::: AVAILABLE DATA :::
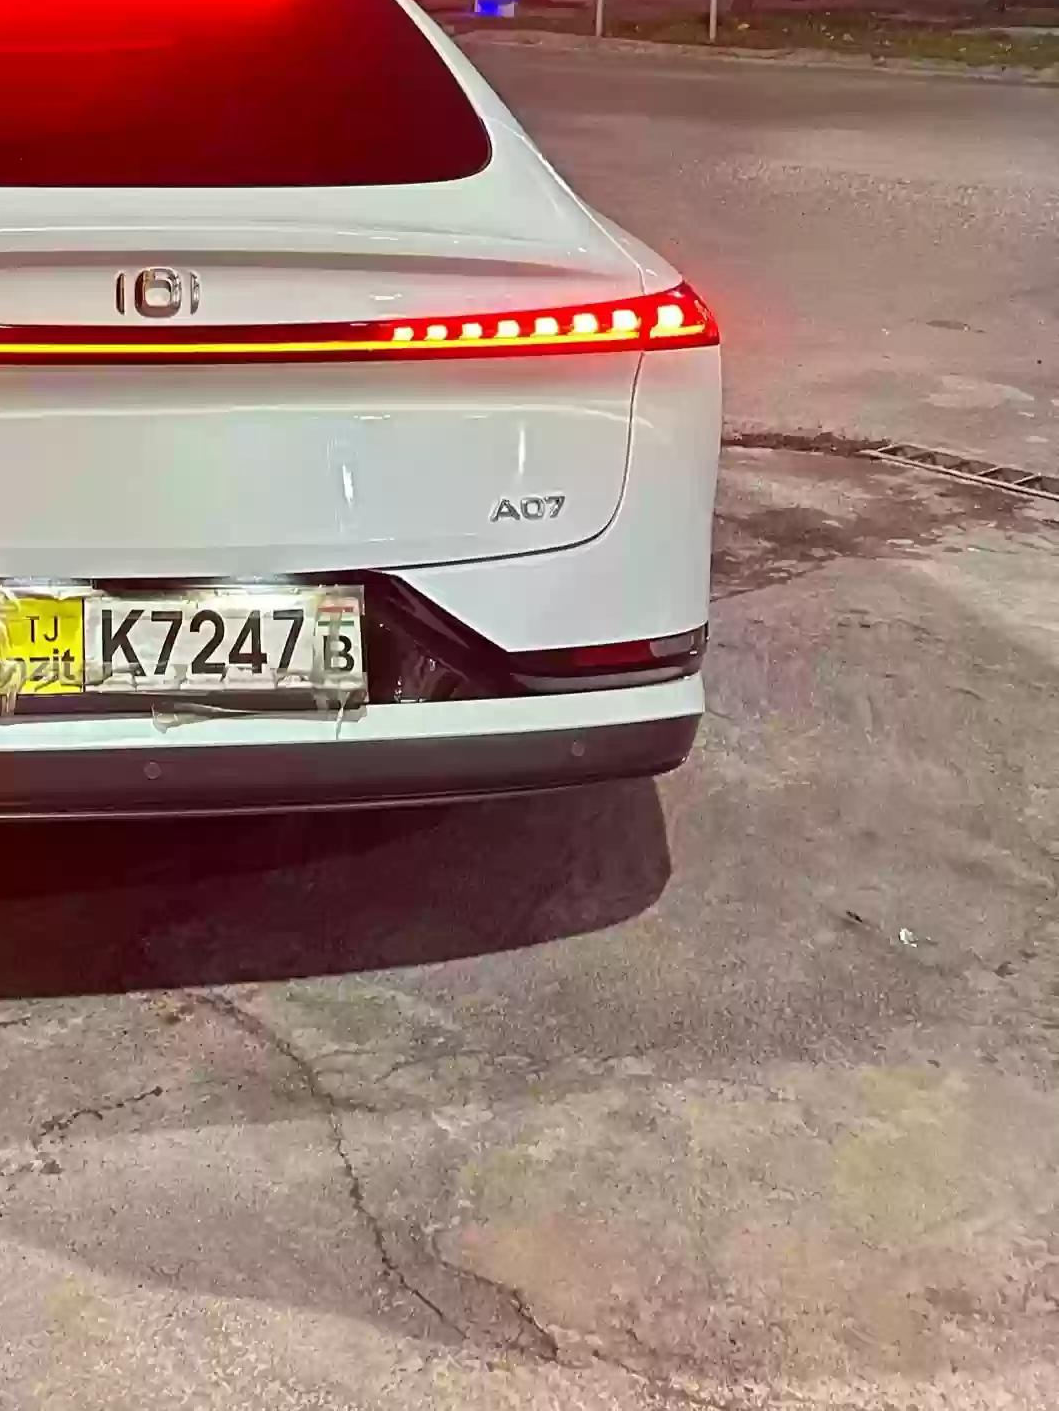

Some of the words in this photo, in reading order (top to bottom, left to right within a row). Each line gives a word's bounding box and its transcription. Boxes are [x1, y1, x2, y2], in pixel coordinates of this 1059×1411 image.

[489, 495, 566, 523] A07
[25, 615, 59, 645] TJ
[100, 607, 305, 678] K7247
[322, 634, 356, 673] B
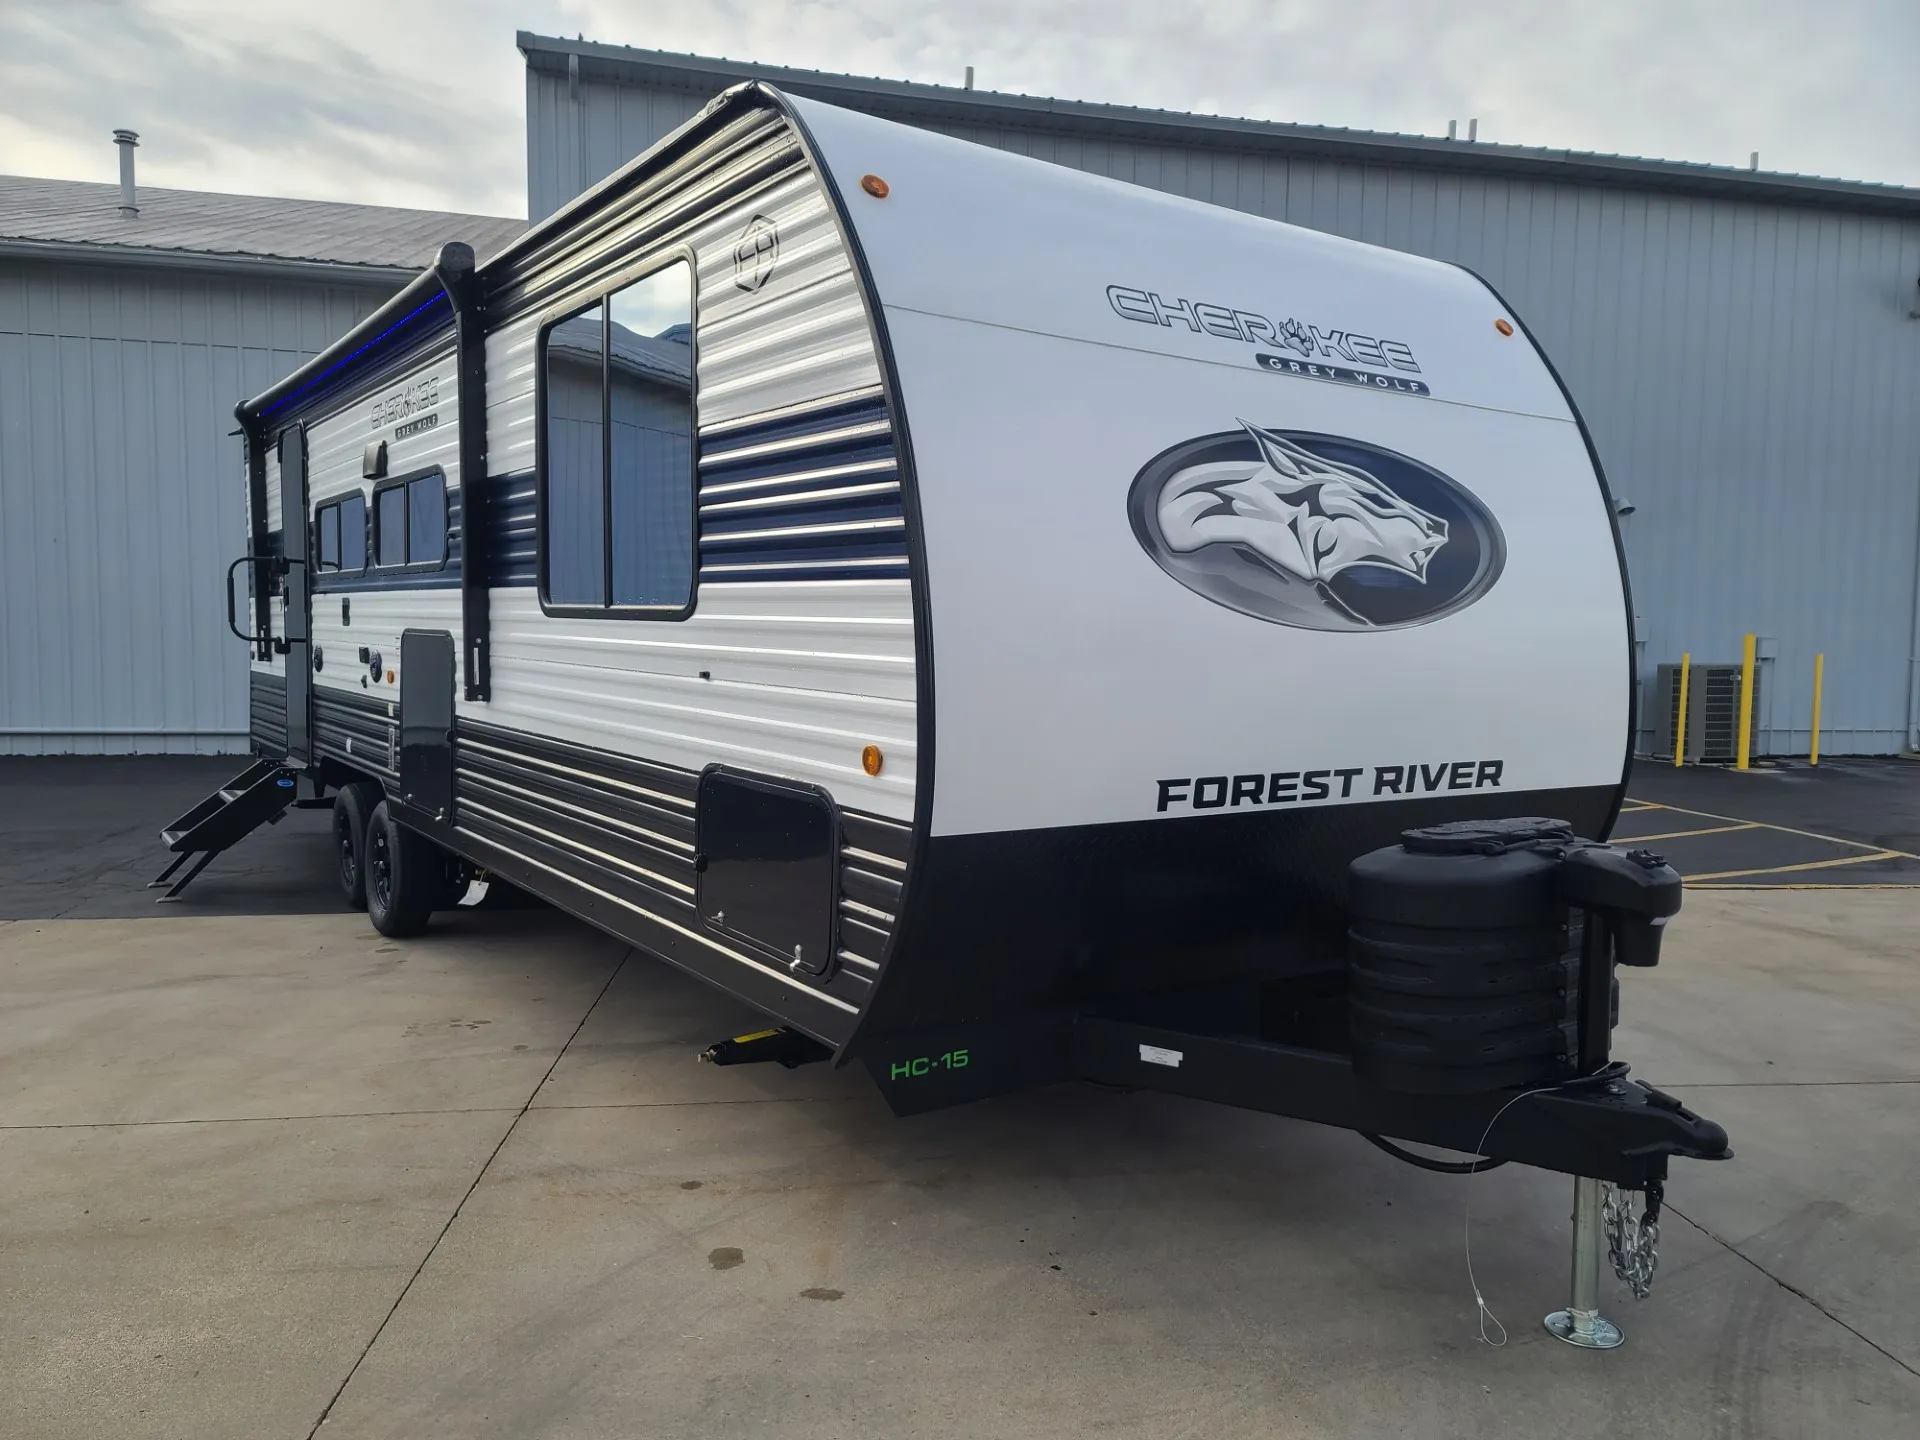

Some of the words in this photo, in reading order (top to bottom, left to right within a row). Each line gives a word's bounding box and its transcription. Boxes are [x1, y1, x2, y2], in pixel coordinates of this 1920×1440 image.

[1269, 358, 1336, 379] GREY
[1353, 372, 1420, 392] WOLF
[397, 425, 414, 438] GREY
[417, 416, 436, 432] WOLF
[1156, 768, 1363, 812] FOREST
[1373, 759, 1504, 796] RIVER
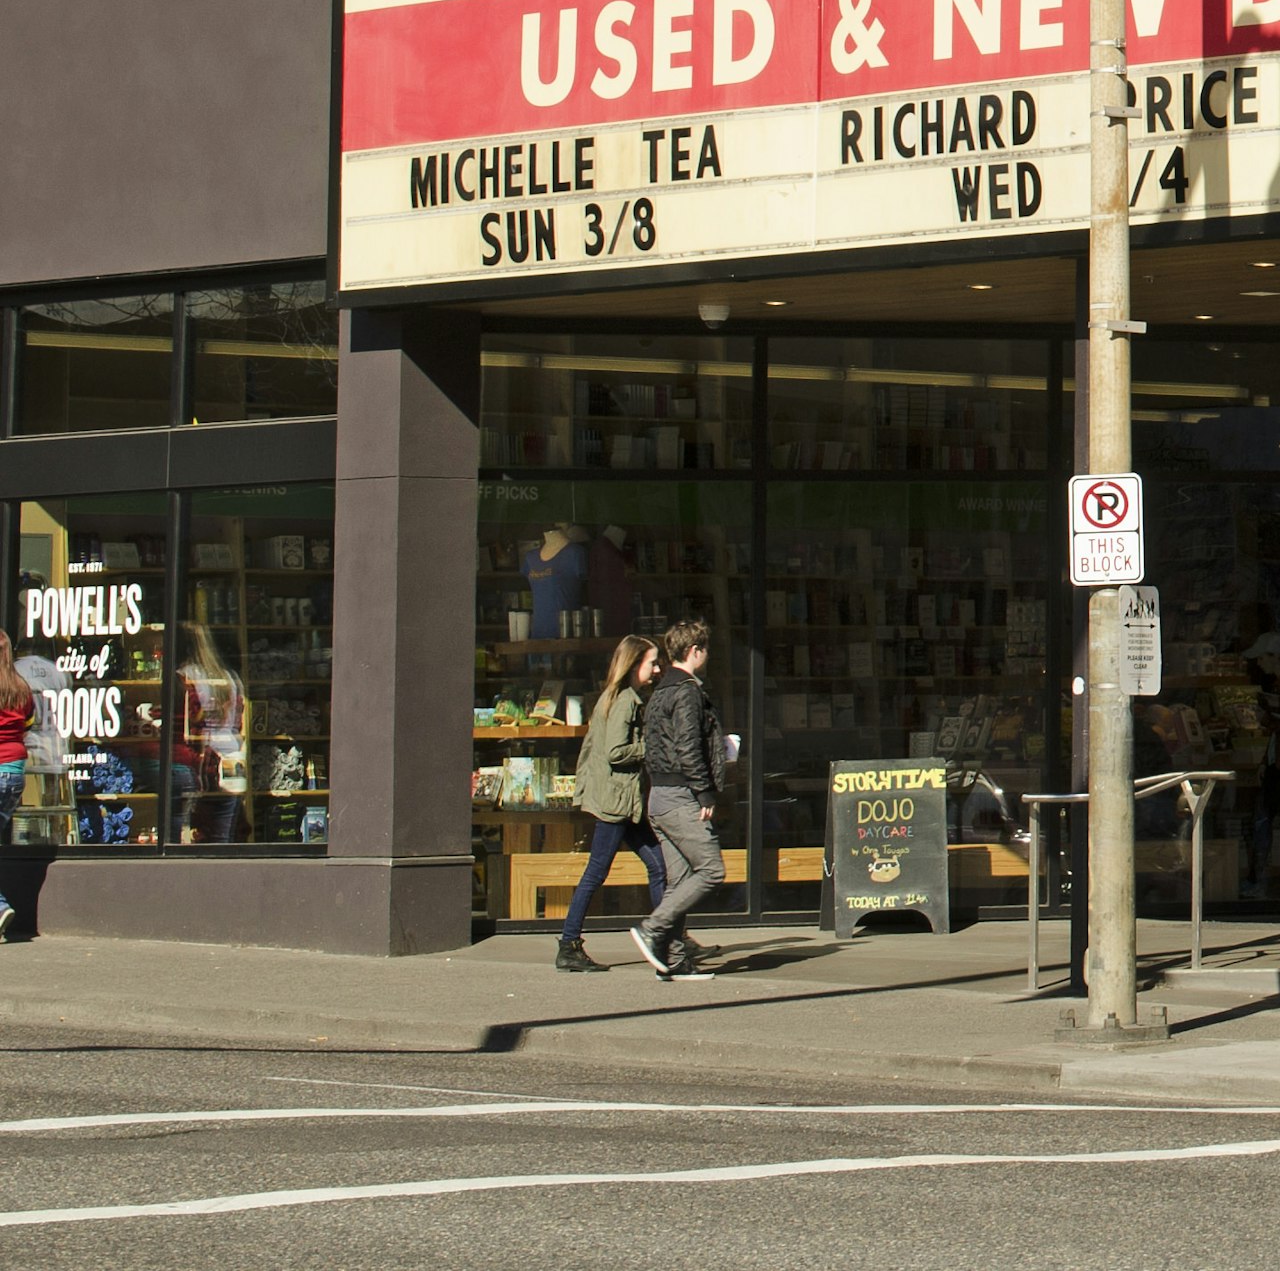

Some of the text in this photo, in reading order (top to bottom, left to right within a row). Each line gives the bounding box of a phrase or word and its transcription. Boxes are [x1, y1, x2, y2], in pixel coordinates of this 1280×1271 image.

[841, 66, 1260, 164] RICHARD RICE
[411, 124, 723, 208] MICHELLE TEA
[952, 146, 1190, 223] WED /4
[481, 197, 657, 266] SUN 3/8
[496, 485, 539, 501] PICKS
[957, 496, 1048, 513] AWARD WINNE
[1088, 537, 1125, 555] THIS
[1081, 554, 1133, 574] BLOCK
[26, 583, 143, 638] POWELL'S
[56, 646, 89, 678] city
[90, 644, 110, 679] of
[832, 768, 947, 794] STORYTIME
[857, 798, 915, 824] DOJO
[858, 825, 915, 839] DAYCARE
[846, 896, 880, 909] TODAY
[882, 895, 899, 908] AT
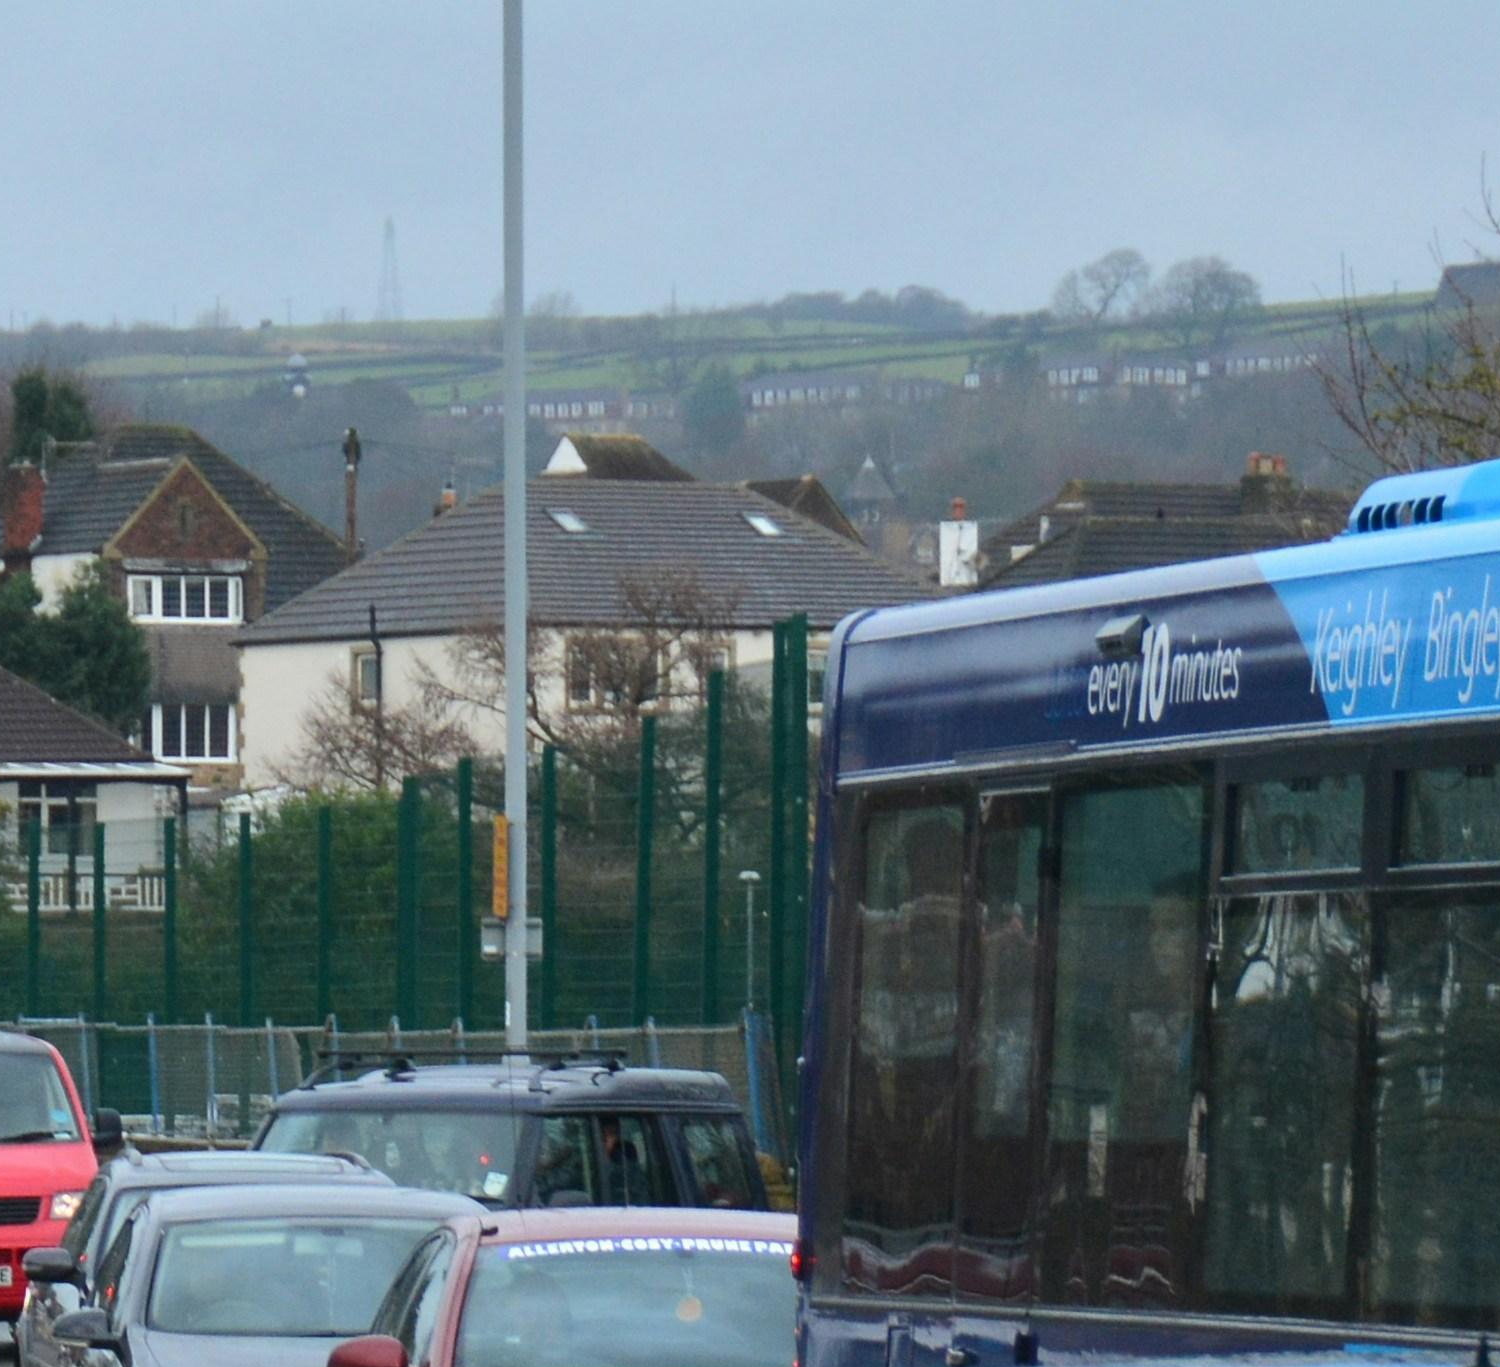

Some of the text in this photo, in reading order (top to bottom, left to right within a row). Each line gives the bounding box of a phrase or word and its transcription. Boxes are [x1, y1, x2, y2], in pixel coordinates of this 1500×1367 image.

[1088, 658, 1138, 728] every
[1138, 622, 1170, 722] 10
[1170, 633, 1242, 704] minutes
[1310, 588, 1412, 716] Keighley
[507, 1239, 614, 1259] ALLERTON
:::
> WHAT IS REQUIRED: Please print exactly the lines of the entries above, beginning with the line that contains "this 1500×1367 image." and ending with the last line.

> TASK RESPONSE:
Some of the text in this photo, in reading order (top to bottom, left to right within a row). Each line gives the bounding box of a phrase or word and its transcription. Boxes are [x1, y1, x2, y2], in pixel coordinates of this 1500×1367 image.

[1088, 658, 1138, 728] every
[1138, 622, 1170, 722] 10
[1170, 633, 1242, 704] minutes
[1310, 588, 1412, 716] Keighley
[507, 1239, 614, 1259] ALLERTON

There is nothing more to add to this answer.